Im using Jackson as my json serializer, and have chosen to use a BeanPropertyFilter to check if each property should be serialized or not.
Now the remove, and include options are pretty straight forward, either i serialize the bean or not.
But the truncate option is a little worse. So here's what ive done so far regarding the serialization of the property.
@Override
public void serializeAsField(Object bean, JsonGenerator jgen, SerializerProvider provider, BeanPropertyWriter writer) throws Exception {
switch (determineFilterAction(writer)) {
case INCLUDE_UNMODIFIED:
writer.serializeAsField(bean, jgen, provider);
break;
case INCLUDE_TRUNCATED:
Object value = writer.get(bean);
if (!(value instanceof String)) {
throw new UnsupportedOperationException("Annotation indicates truncate on " + writer.toString() + " which is not a string, but a " + value.getClass().getSimpleName() + " and is unsupported");
}
JsonSerializer oldSerialzer= writer.getSerializer();
writer.assignSerializer(new TruncateStringJsonSerializer());
writer.serializeAsField(bean, jgen, provider);
writer.assignSerializer(oldSerialzer);
break;
case REMOVE:
// do nothing
break;
}
}
Problem is, that there's a guard in the BeanPropertyWriter.assignSerializer() method, that will not allow me to switch in a new custom serializer for that one property.

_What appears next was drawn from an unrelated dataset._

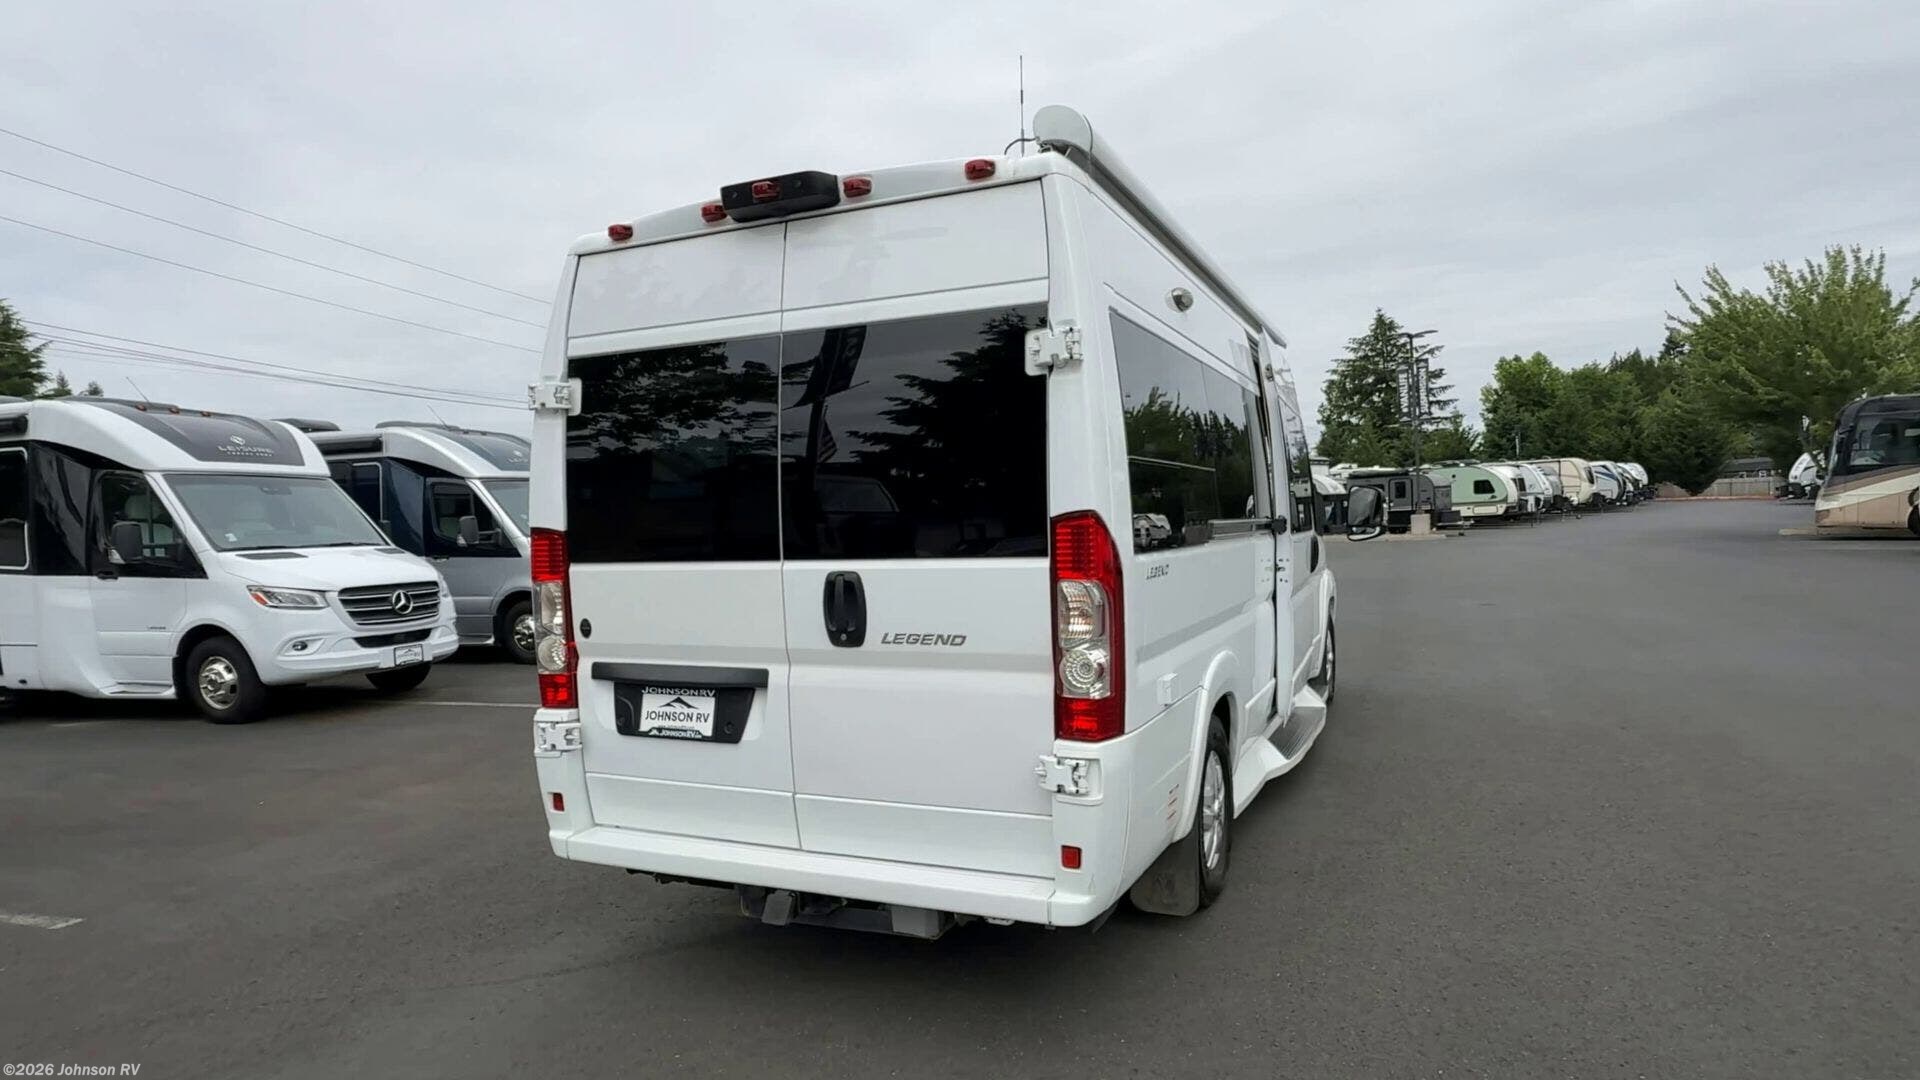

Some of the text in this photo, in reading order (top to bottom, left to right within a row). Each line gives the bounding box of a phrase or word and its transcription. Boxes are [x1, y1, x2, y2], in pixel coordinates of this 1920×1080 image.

[218, 445, 274, 454] LEISURE
[881, 632, 967, 646] LEGEND
[645, 710, 710, 723] JOHNSON RV
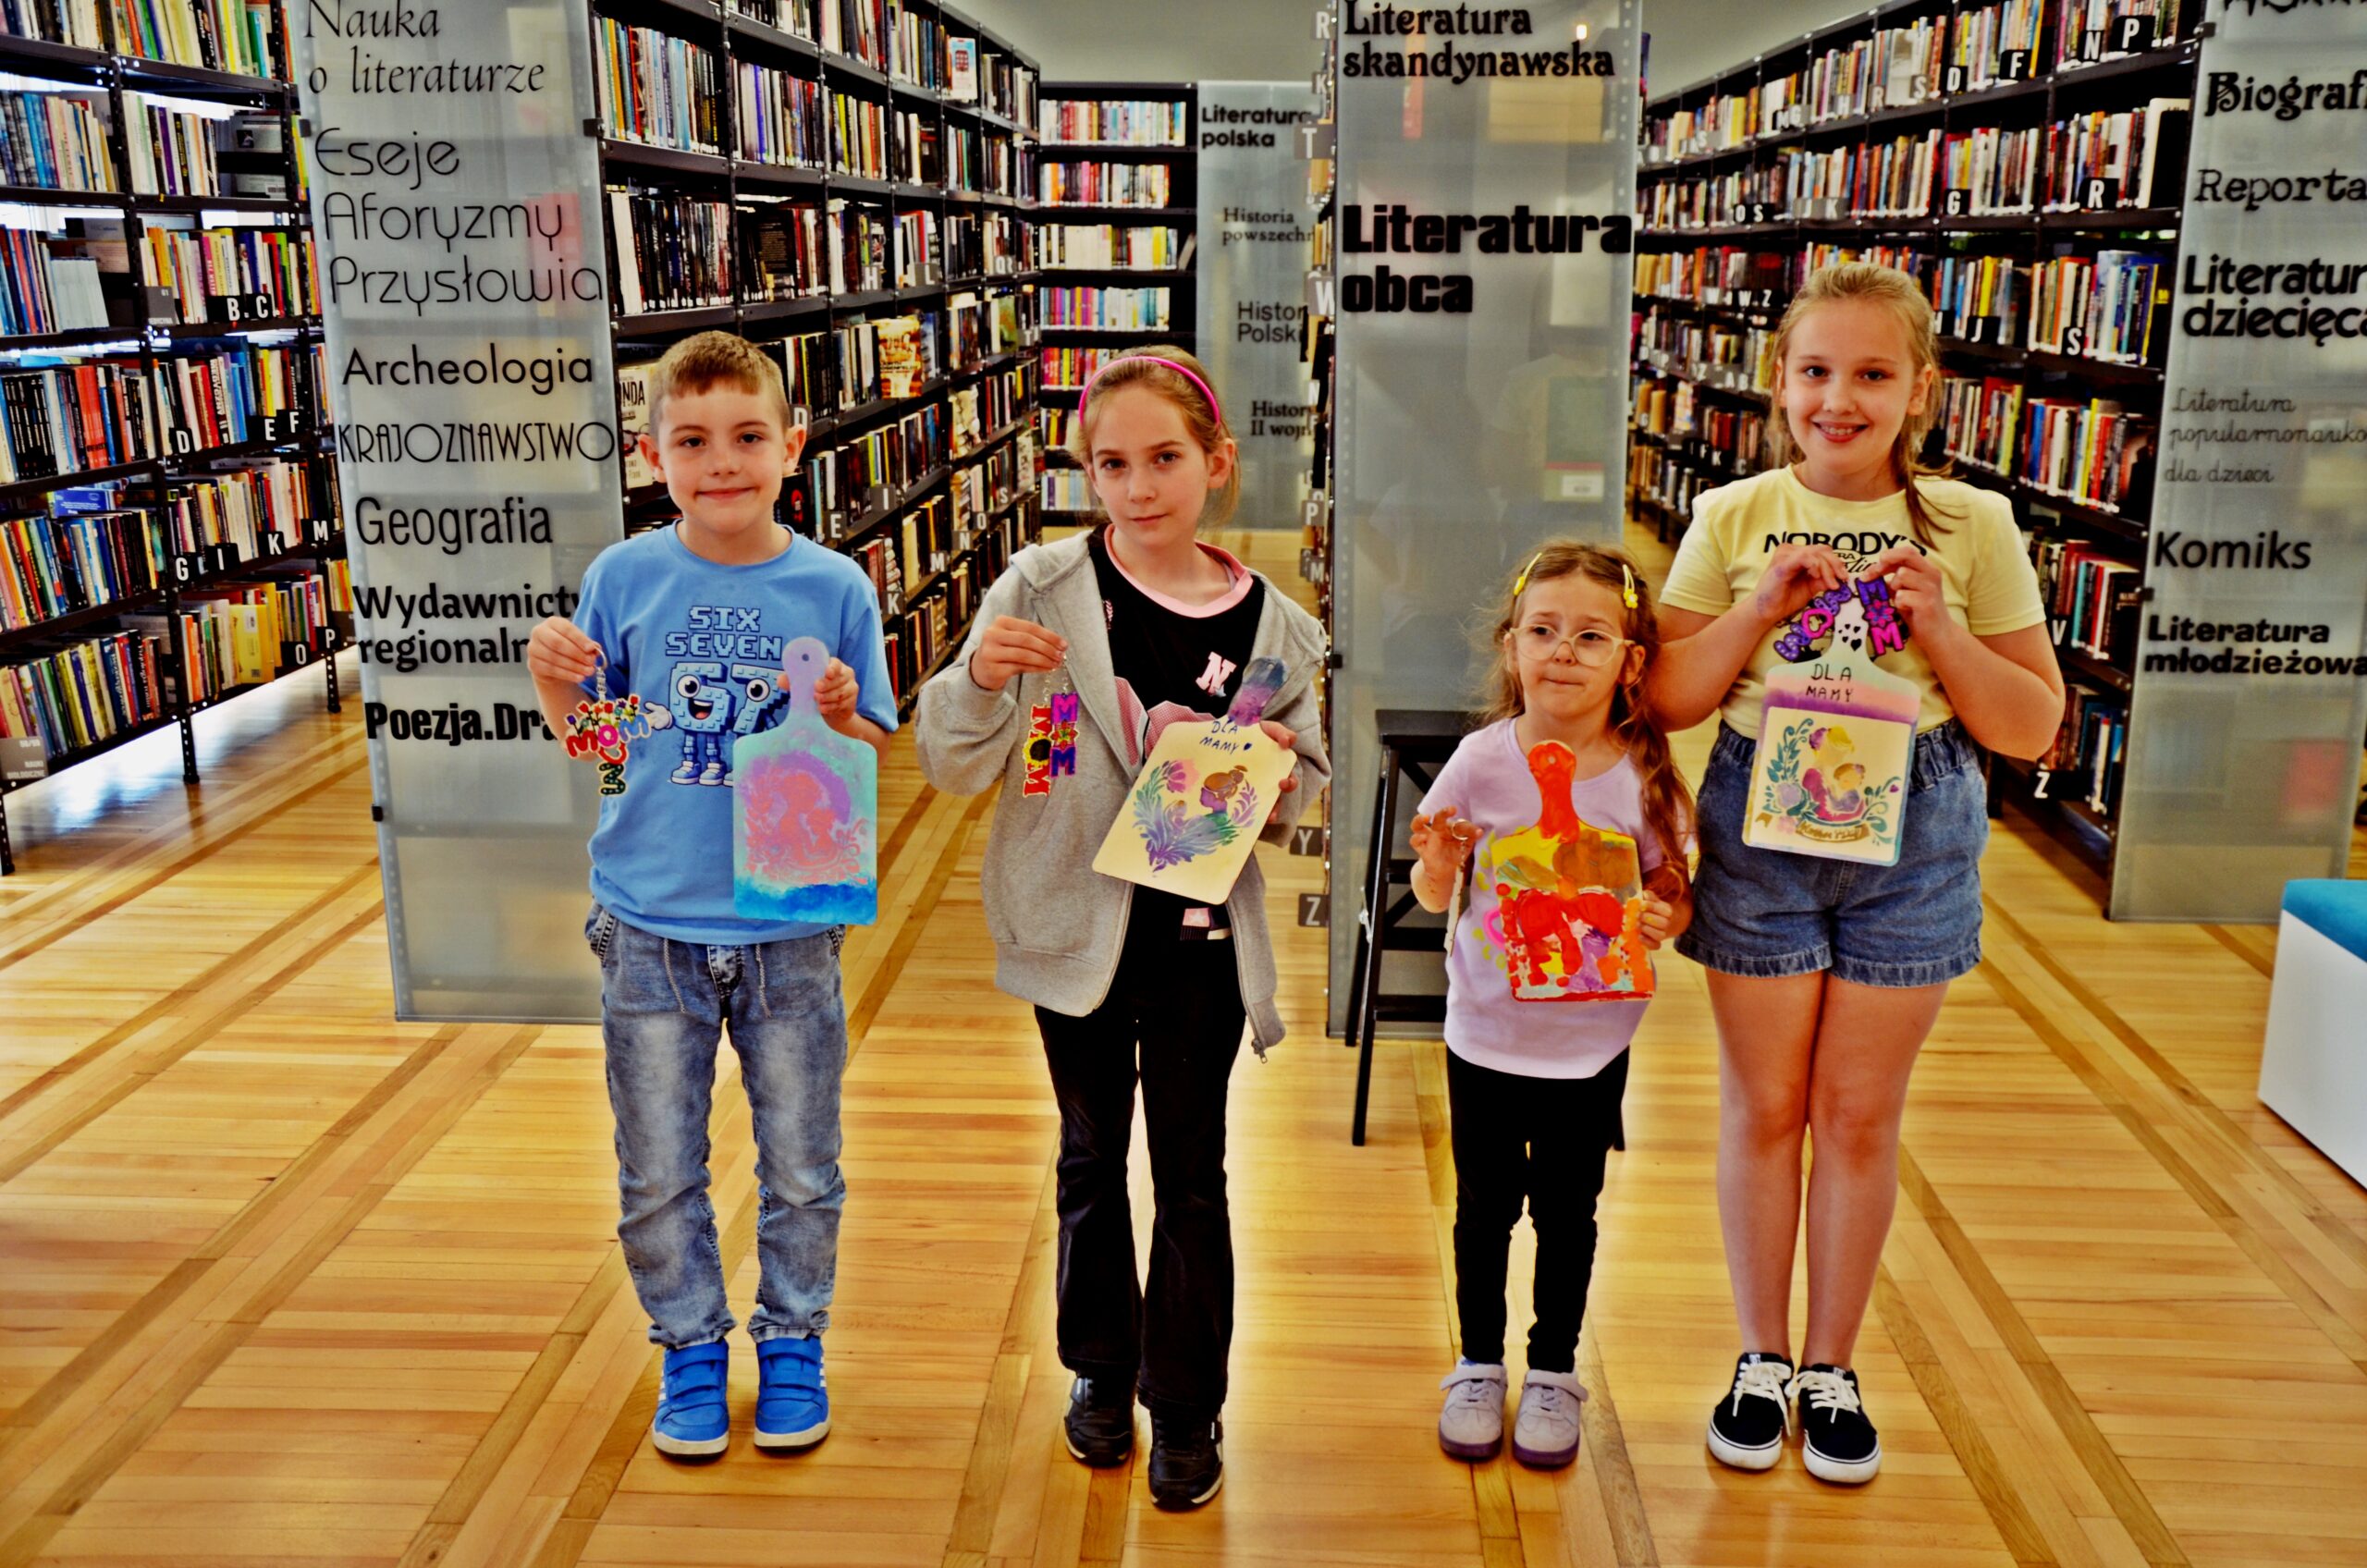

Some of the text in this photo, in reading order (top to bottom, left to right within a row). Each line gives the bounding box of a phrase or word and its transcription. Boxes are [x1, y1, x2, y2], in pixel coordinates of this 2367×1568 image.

Is there any way of hooking into, and modifying the bean-value? Or will i have to override Factories, and BeanPropertyWriter in order to override the assignSerializer() method (to avoid the serializer guard)?
I cant just annotate my properties with a special writer, since the object of serialization doesnt know anything about the SecurityContext, so there is no way to inject the securityContext into a custom serializer.
Is there any way at all to make this truncate option happen (without making it too hackish)?
Thanks in advance.
//Best regards, Martin.
UPDATE
Based on StaxMan's answer, i have updated the method to look like this, and it seems to work. At least all my tests run correctly. Will test further on development application-servers.
@Override
public void serializeAsField(Object bean, JsonGenerator jgen, SerializerProvider provider, BeanPropertyWriter writer) throws Exception {
switch (determineFilterAction(writer)) {
case INCLUDE_UNMODIFIED:
writer.serializeAsField(bean, jgen, provider);
break;
case INCLUDE_TRUNCATED:
Object value = writer.get(bean);
if (!(value instanceof String)) {
throw new UnsupportedOperationException("Annotation indicates truncate on " + writer.toString() + " which is not a string, but a " + value.getClass().getSimpleName() + " and is unsupported");
}
String valueString = (String) value;
jgen.writeFieldName(writer.getName());
jgen.writeString(StringUtils.abbreviate(valueString, MAX_LENGTH));
break;
case REMOVE:
// do nothing
break;
}
}
No, do not even try to call assignSerializer: that is a bad idea in multi-threaded environment -- there is just a single instance of that serializer, and even if you could call it, it'd just cause you a bizarre exception in cases where two serializations were done concurrently.
But perhaps you should consider approaching this from different direction: since you are already finding String value, why not directly write truncated value using JsonGenerator?
Or, if you prefer, delegate to something that does the write; but since you are calling it, it need not be a JsonSerializer or anything.